[WHAT THE TASK ASKS]: Below are the records; print them again exactly and omit the pictures.
------------------------------------------------------------------------
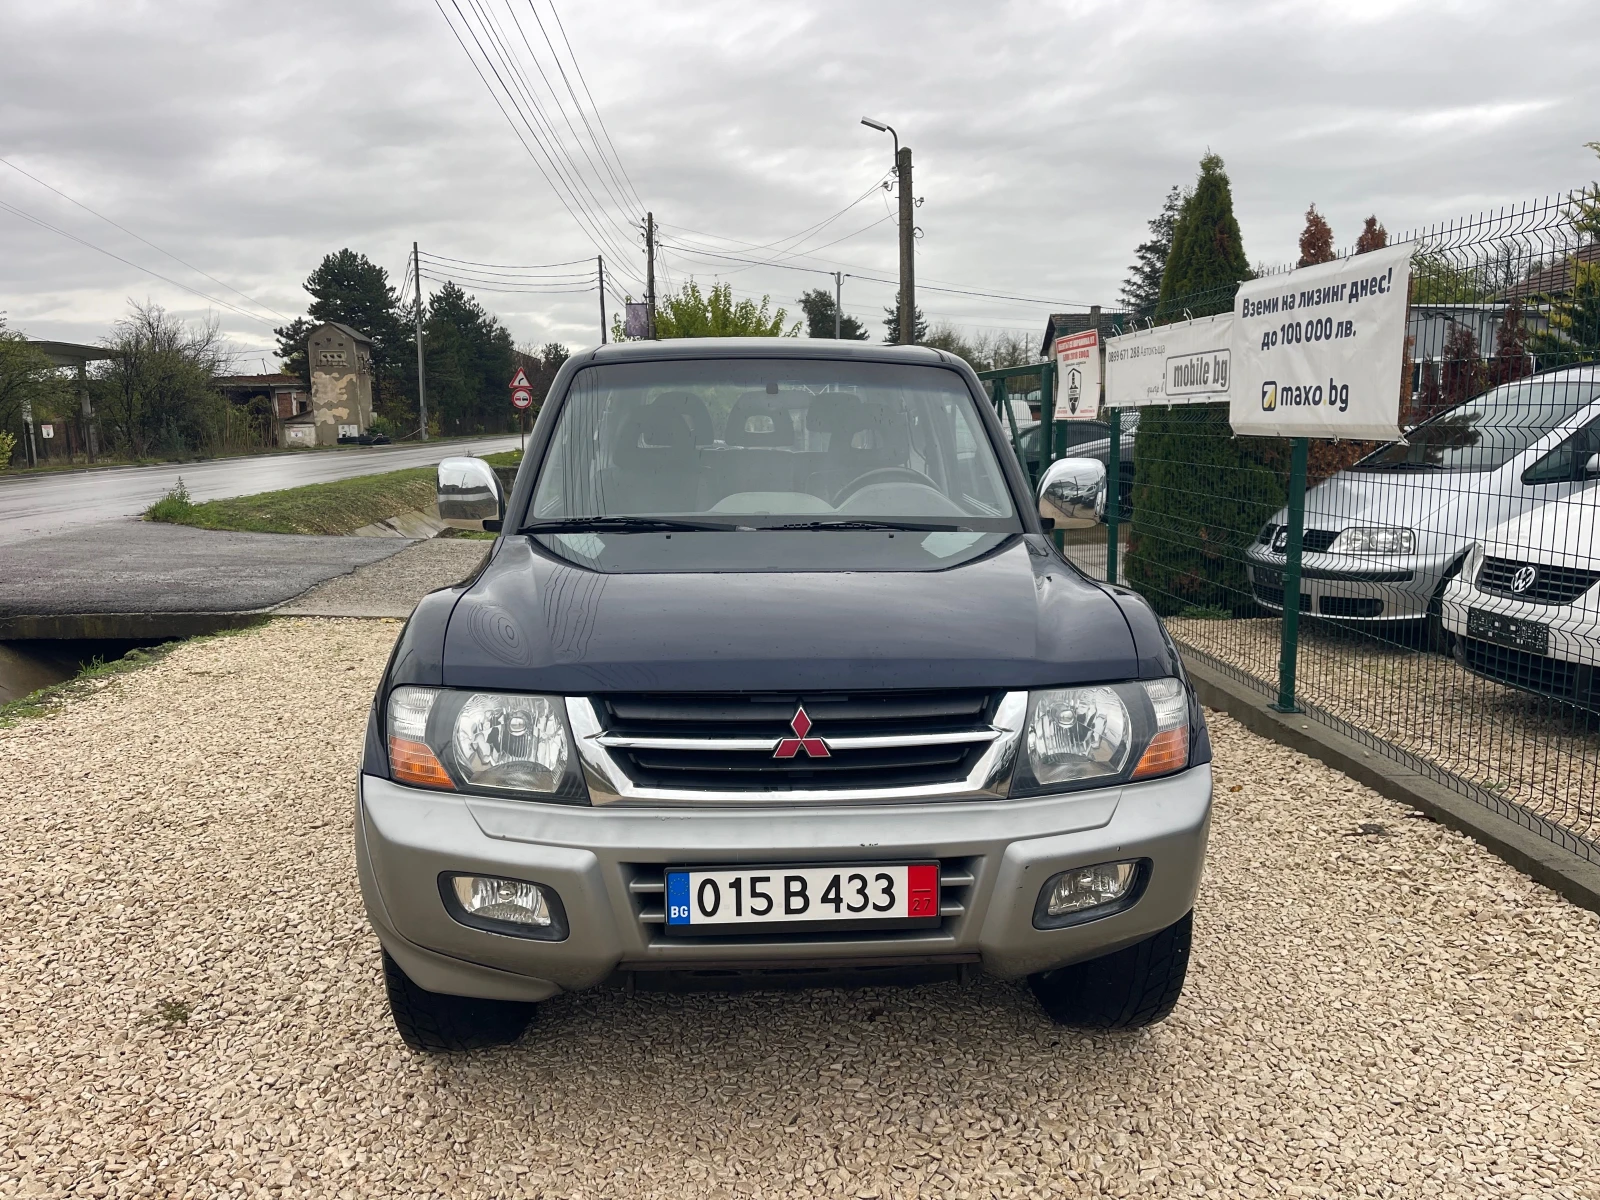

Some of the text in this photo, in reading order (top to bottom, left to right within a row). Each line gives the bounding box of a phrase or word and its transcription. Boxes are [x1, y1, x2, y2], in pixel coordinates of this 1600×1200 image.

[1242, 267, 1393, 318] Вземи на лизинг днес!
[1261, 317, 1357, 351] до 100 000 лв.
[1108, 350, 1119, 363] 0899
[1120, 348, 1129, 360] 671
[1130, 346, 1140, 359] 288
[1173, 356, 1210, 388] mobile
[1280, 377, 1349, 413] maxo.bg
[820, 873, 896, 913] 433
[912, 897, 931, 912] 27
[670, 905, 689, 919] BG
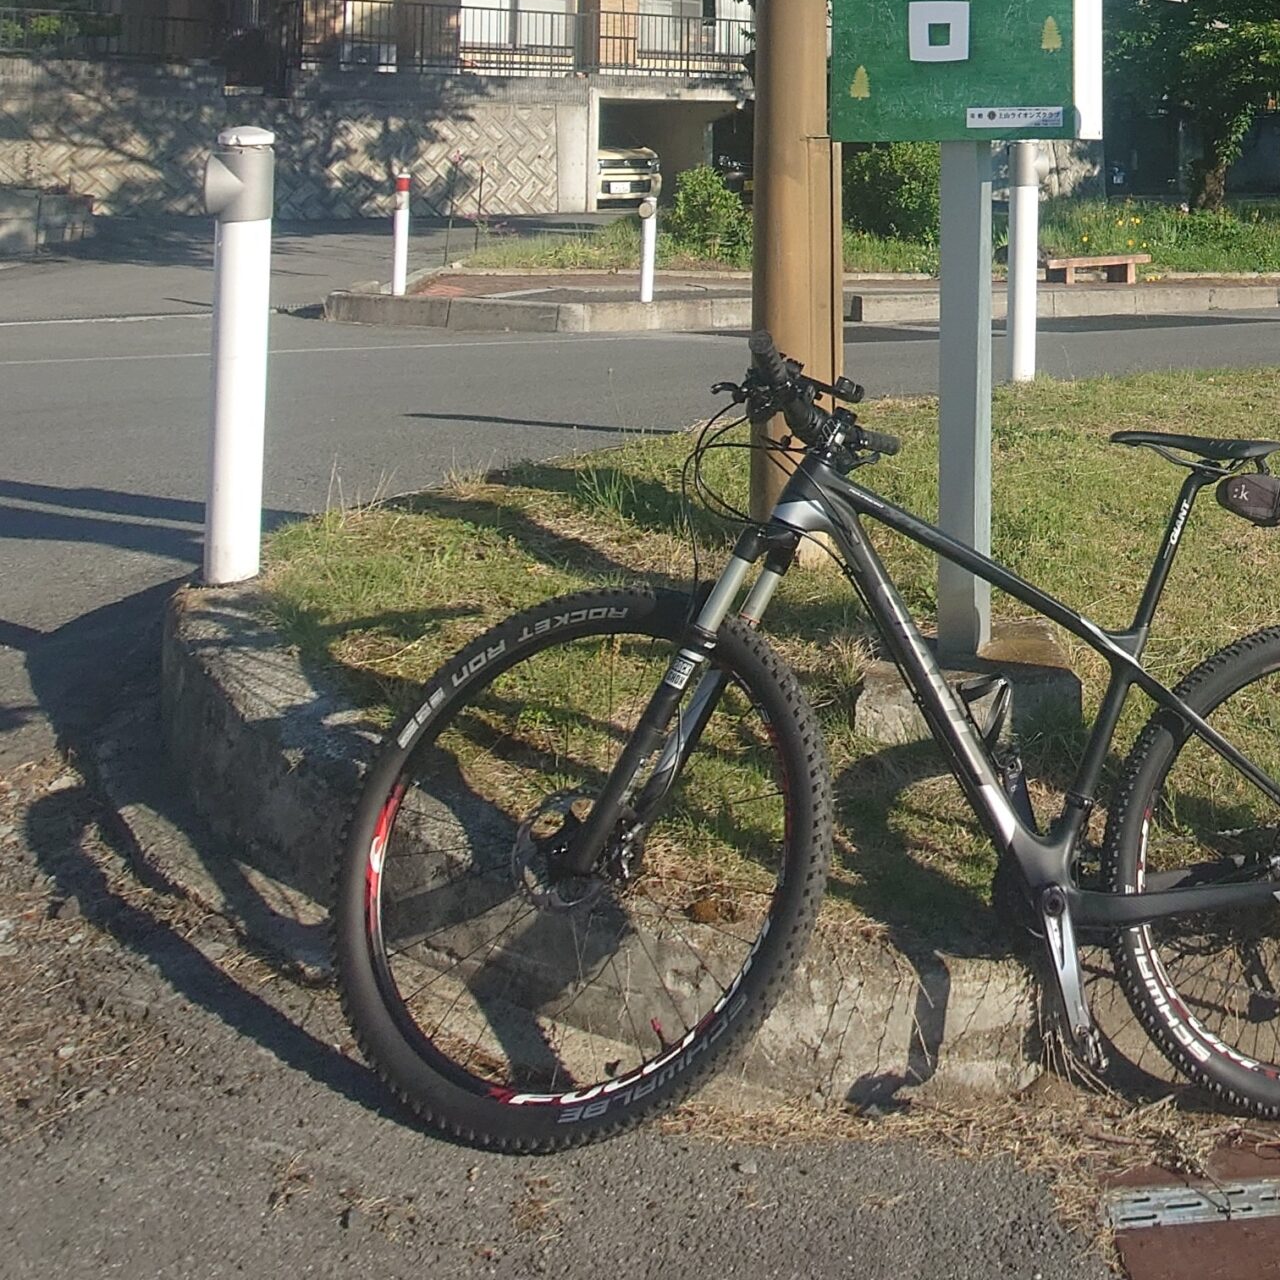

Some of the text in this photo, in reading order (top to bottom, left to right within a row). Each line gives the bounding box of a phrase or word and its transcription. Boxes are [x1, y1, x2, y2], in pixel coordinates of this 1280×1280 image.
------------------------------------------------------------------------
[WRITTEN RESPONSE]:
Some of the text in this photo, in reading order (top to bottom, left to right within a row). Each line gives the bounding box of a phrase or word and its transcription. Boxes are [x1, y1, x2, y2], in pixel coordinates of this 1600×1200 image.

[1242, 267, 1393, 318] Вземи на лизинг днес!
[1261, 317, 1357, 351] до 100 000 лв.
[1108, 350, 1119, 363] 0899
[1120, 348, 1129, 360] 671
[1130, 346, 1140, 359] 288
[1173, 356, 1210, 388] mobile
[1280, 377, 1349, 413] maxo.bg
[820, 873, 896, 913] 433
[912, 897, 931, 912] 27
[670, 905, 689, 919] BG

Some of the text in this photo, in reading order (top to bottom, left to right within a row). Each line gives the bounding box of a phrase or word and its transcription. Boxes are [x1, y1, x2, y2], in pixel coordinates of this 1280×1280 image.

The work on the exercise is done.